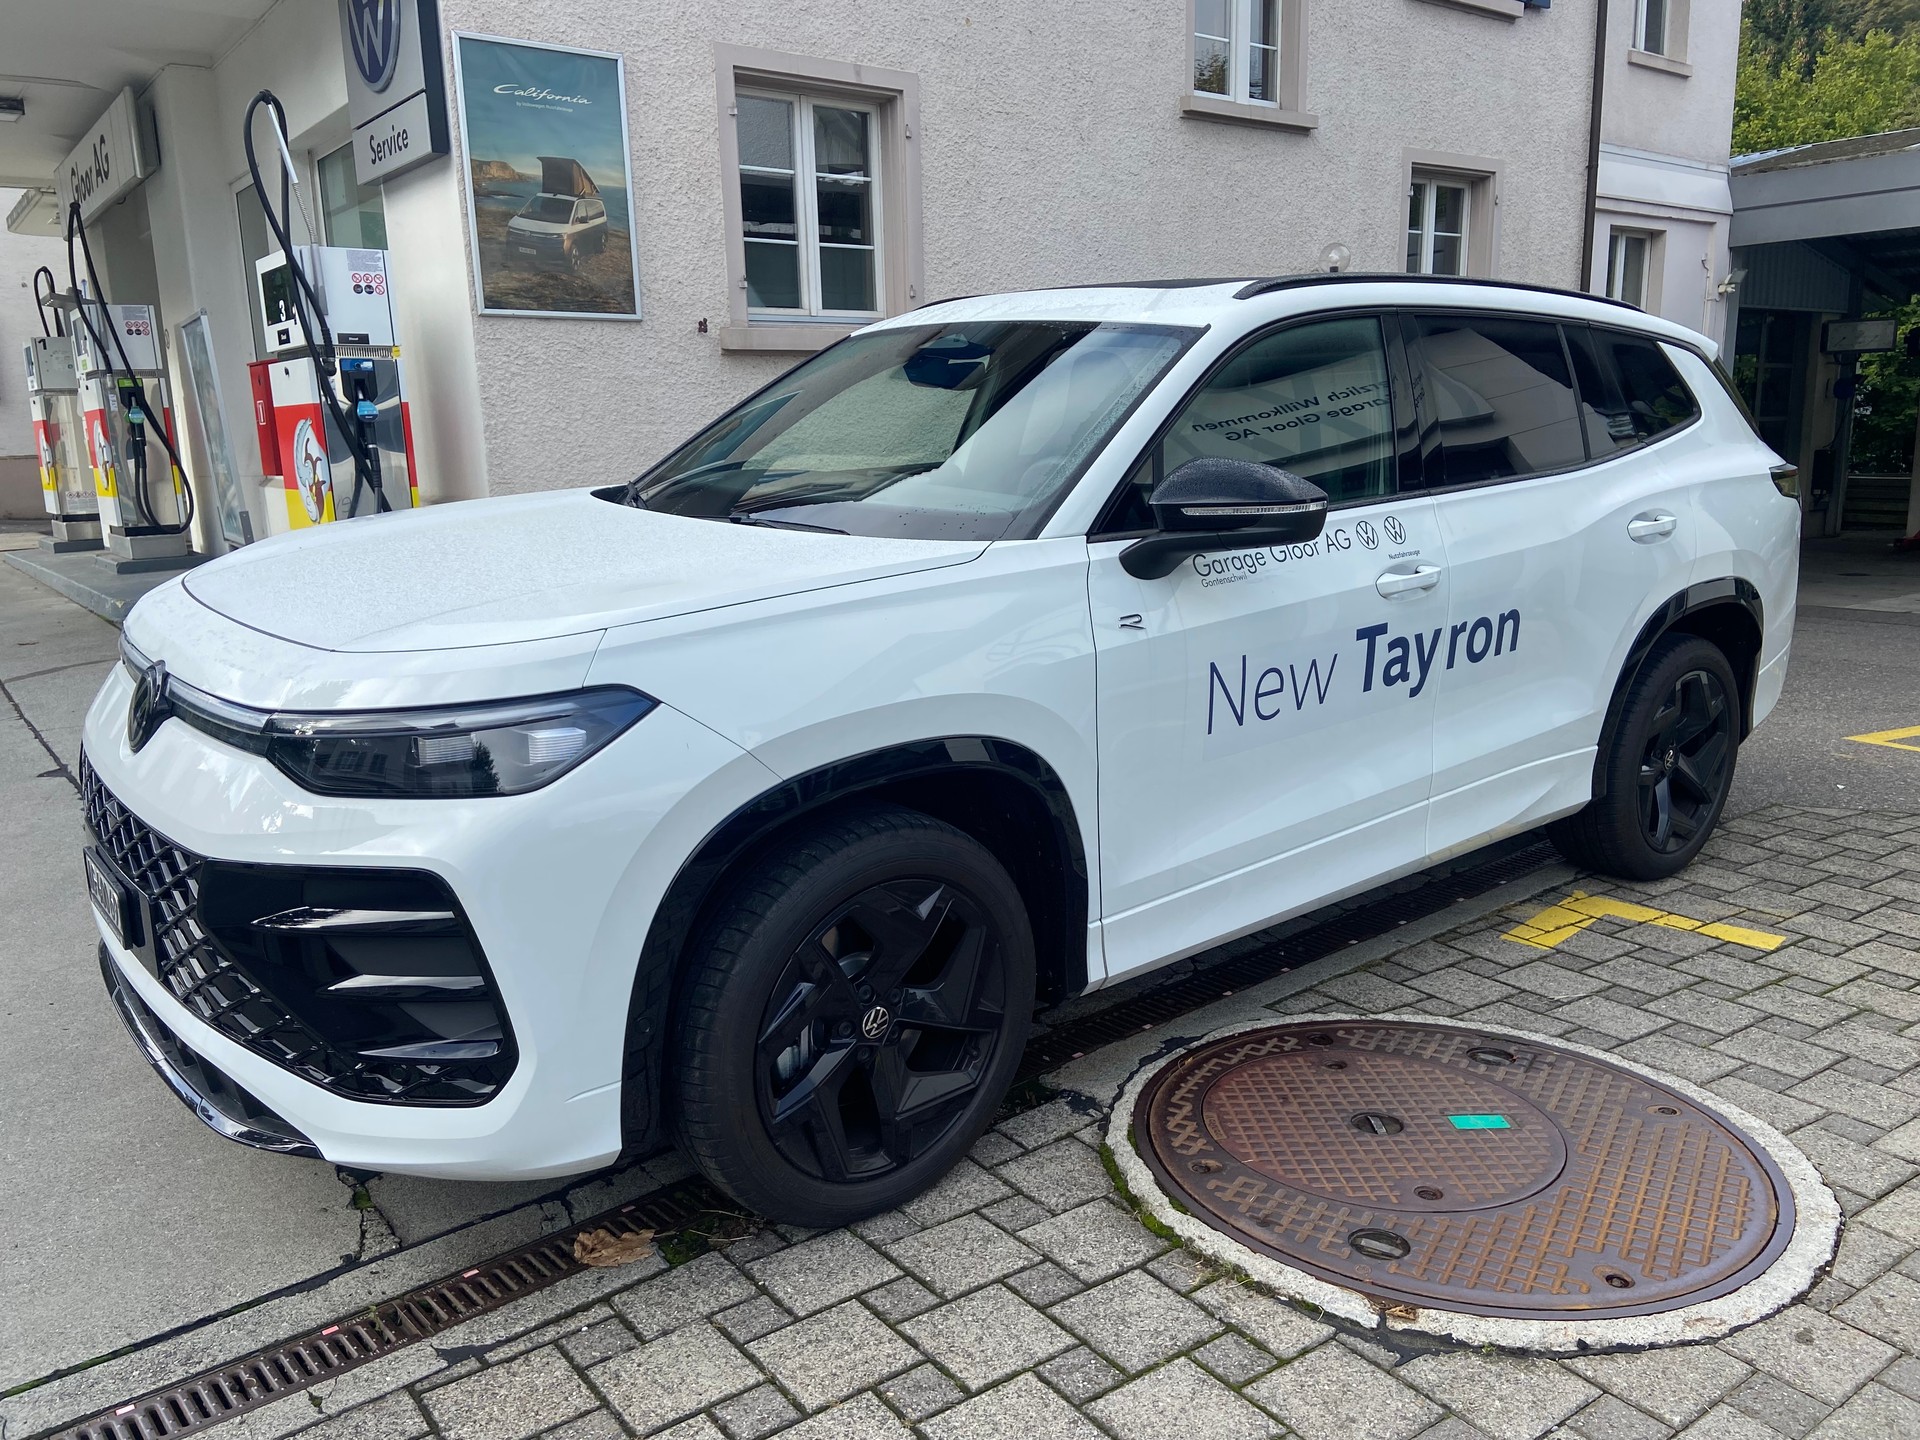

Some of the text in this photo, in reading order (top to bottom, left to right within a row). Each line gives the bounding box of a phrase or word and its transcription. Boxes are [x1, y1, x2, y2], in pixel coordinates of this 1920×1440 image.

[493, 84, 592, 104] California
[369, 124, 409, 165] Service
[70, 134, 110, 204] Gloor AG
[278, 300, 286, 321] 3
[1192, 551, 1267, 577] Garage
[1325, 528, 1352, 553] AG
[1201, 572, 1248, 588] Gontenschwil
[1206, 608, 1521, 735] New Tayron

※ ※ ※

### WHAT THE TASK REQUIRES
Please copy the data above exactly, omitting the pictures.

### ANSWER SPACE
Some of the text in this photo, in reading order (top to bottom, left to right within a row). Each line gives the bounding box of a phrase or word and its transcription. Boxes are [x1, y1, x2, y2], in pixel coordinates of this 1920×1440 image.

[493, 84, 592, 104] California
[369, 124, 409, 165] Service
[70, 134, 110, 204] Gloor AG
[278, 300, 286, 321] 3
[1192, 551, 1267, 577] Garage
[1325, 528, 1352, 553] AG
[1201, 572, 1248, 588] Gontenschwil
[1206, 608, 1521, 735] New Tayron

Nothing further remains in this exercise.